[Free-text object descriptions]
======

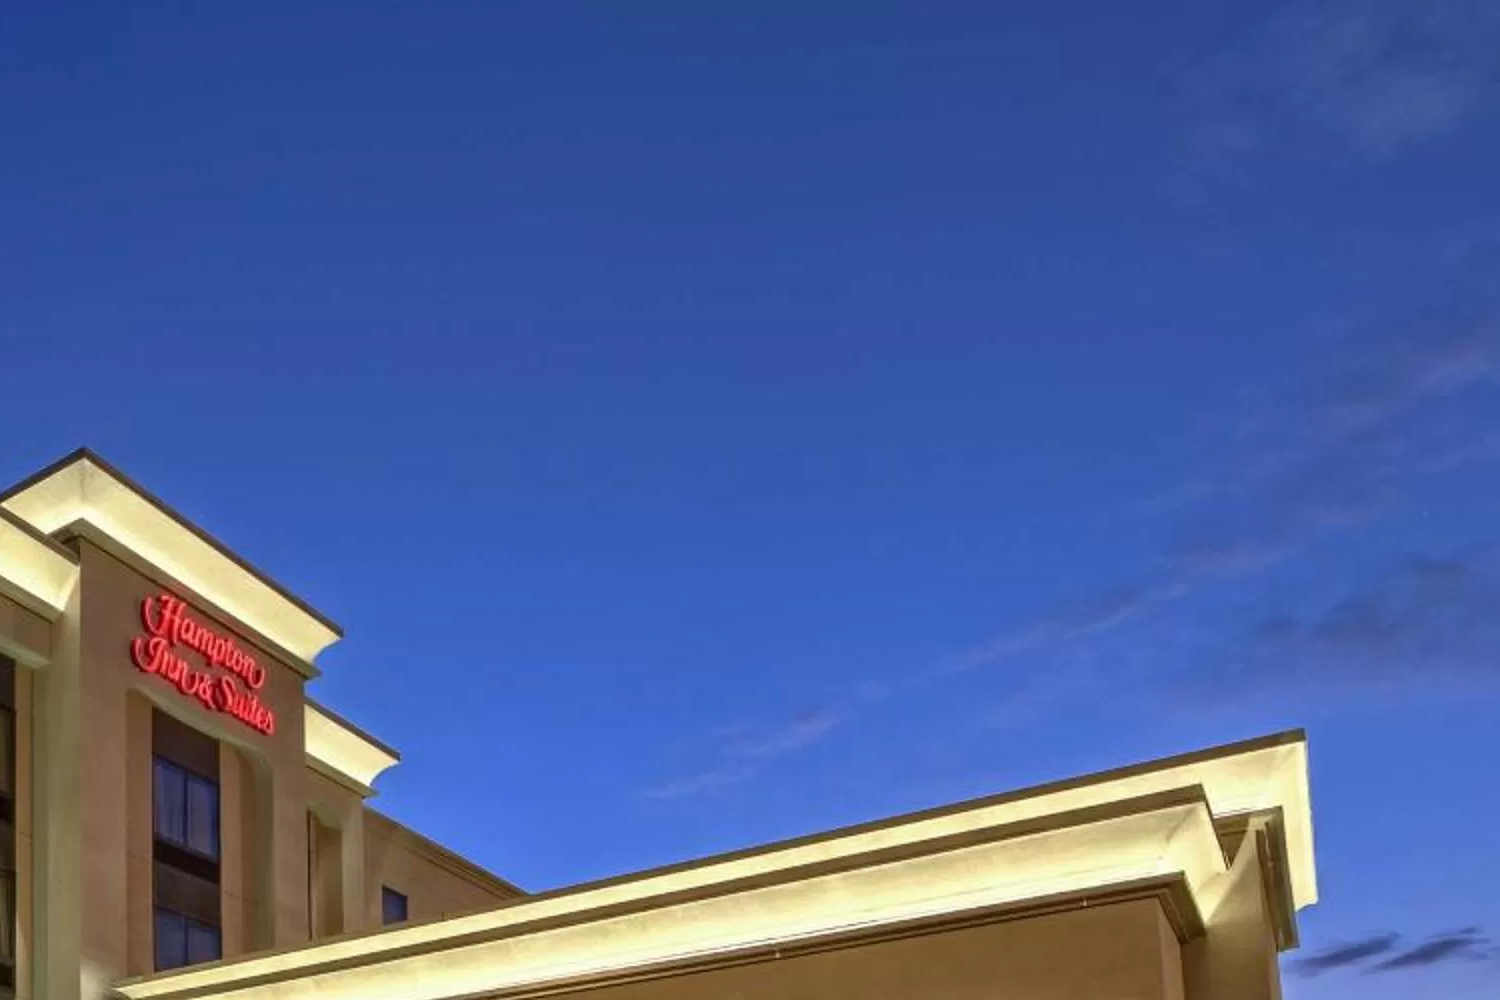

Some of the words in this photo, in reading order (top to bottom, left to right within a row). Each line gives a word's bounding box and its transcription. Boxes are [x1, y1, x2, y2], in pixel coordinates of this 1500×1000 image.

[131, 636, 199, 695] Inn
[200, 674, 217, 710] &
[216, 675, 276, 736] Suites
[141, 594, 266, 689] Hampton
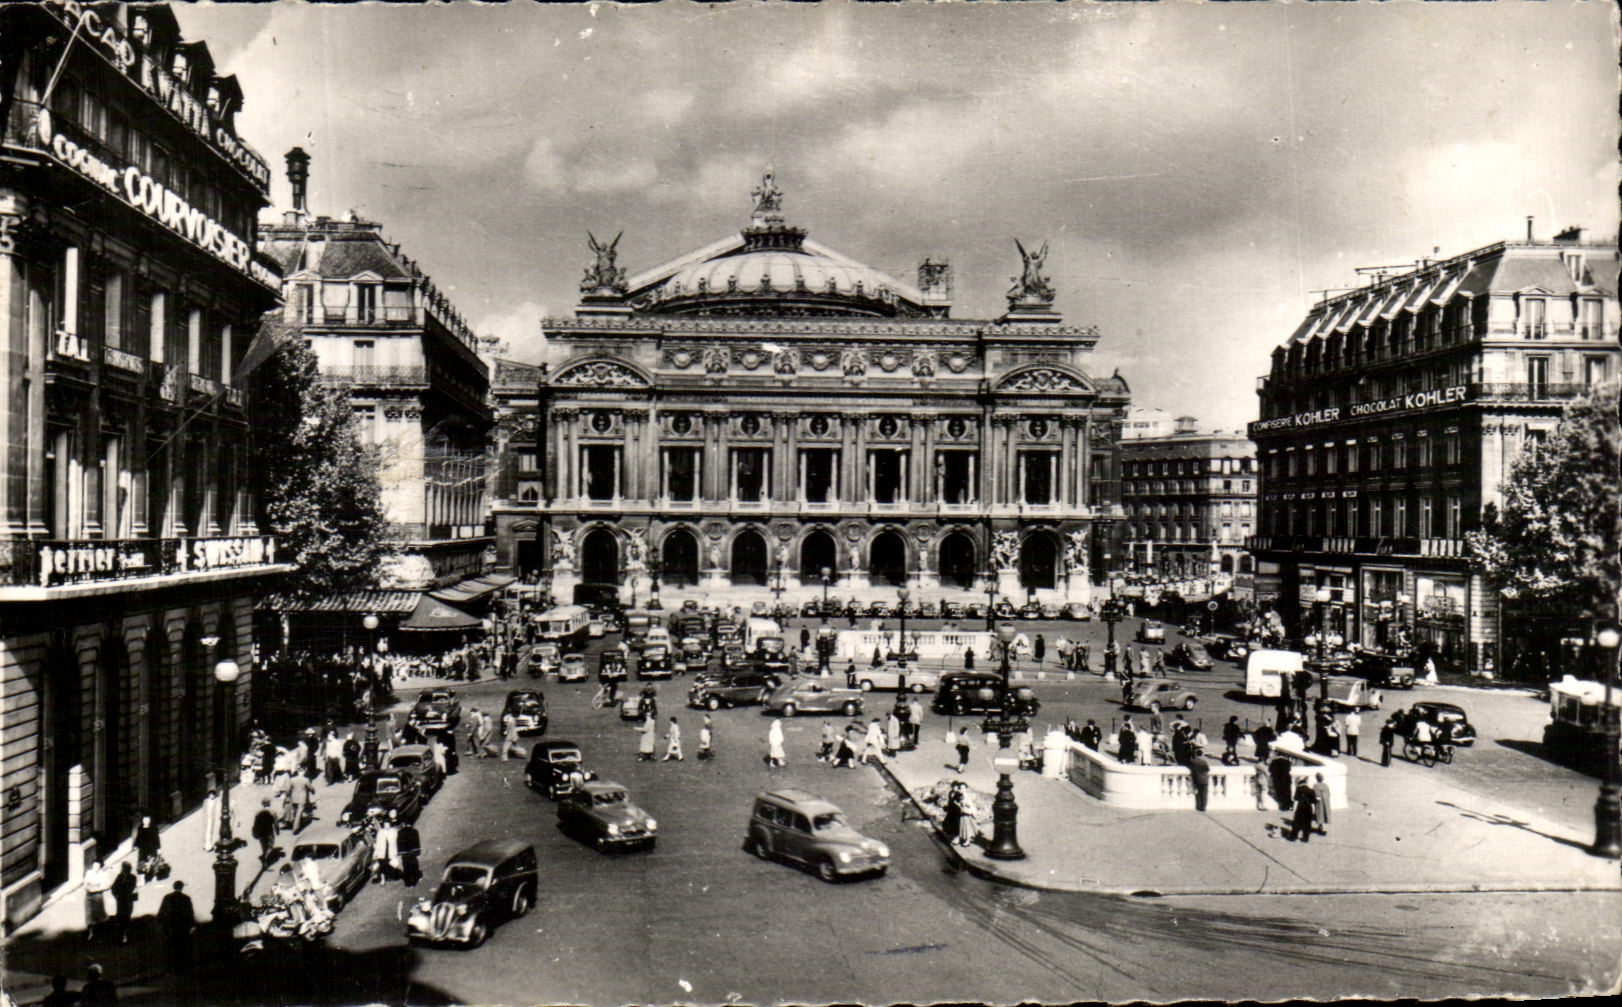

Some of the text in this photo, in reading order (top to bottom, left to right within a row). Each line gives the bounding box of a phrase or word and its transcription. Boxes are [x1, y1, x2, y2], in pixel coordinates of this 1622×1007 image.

[124, 166, 250, 275] COURVOISIER
[1295, 407, 1340, 426] KOHLER
[1350, 398, 1402, 416] CHOCOLAT
[1405, 386, 1467, 409] KOHLER

======

#### [About this exercise]
Write out the data above in full and exactly, but without the pictures.

#### [Response area]
Some of the words in this photo, in reading order (top to bottom, left to right within a row). Each line gives a word's bounding box and its transcription. Boxes are [x1, y1, x2, y2], in pixel coordinates of this 1500×1000 image.

[131, 636, 199, 695] Inn
[200, 674, 217, 710] &
[216, 675, 276, 736] Suites
[141, 594, 266, 689] Hampton

Some of the text in this photo, in reading order (top to bottom, left to right within a row). Each line gives the bounding box of a phrase or word and its transcription. Boxes are [x1, y1, x2, y2], in pixel coordinates of this 1622×1007 image.

[124, 166, 250, 275] COURVOISIER
[1295, 407, 1340, 426] KOHLER
[1350, 398, 1402, 416] CHOCOLAT
[1405, 386, 1467, 409] KOHLER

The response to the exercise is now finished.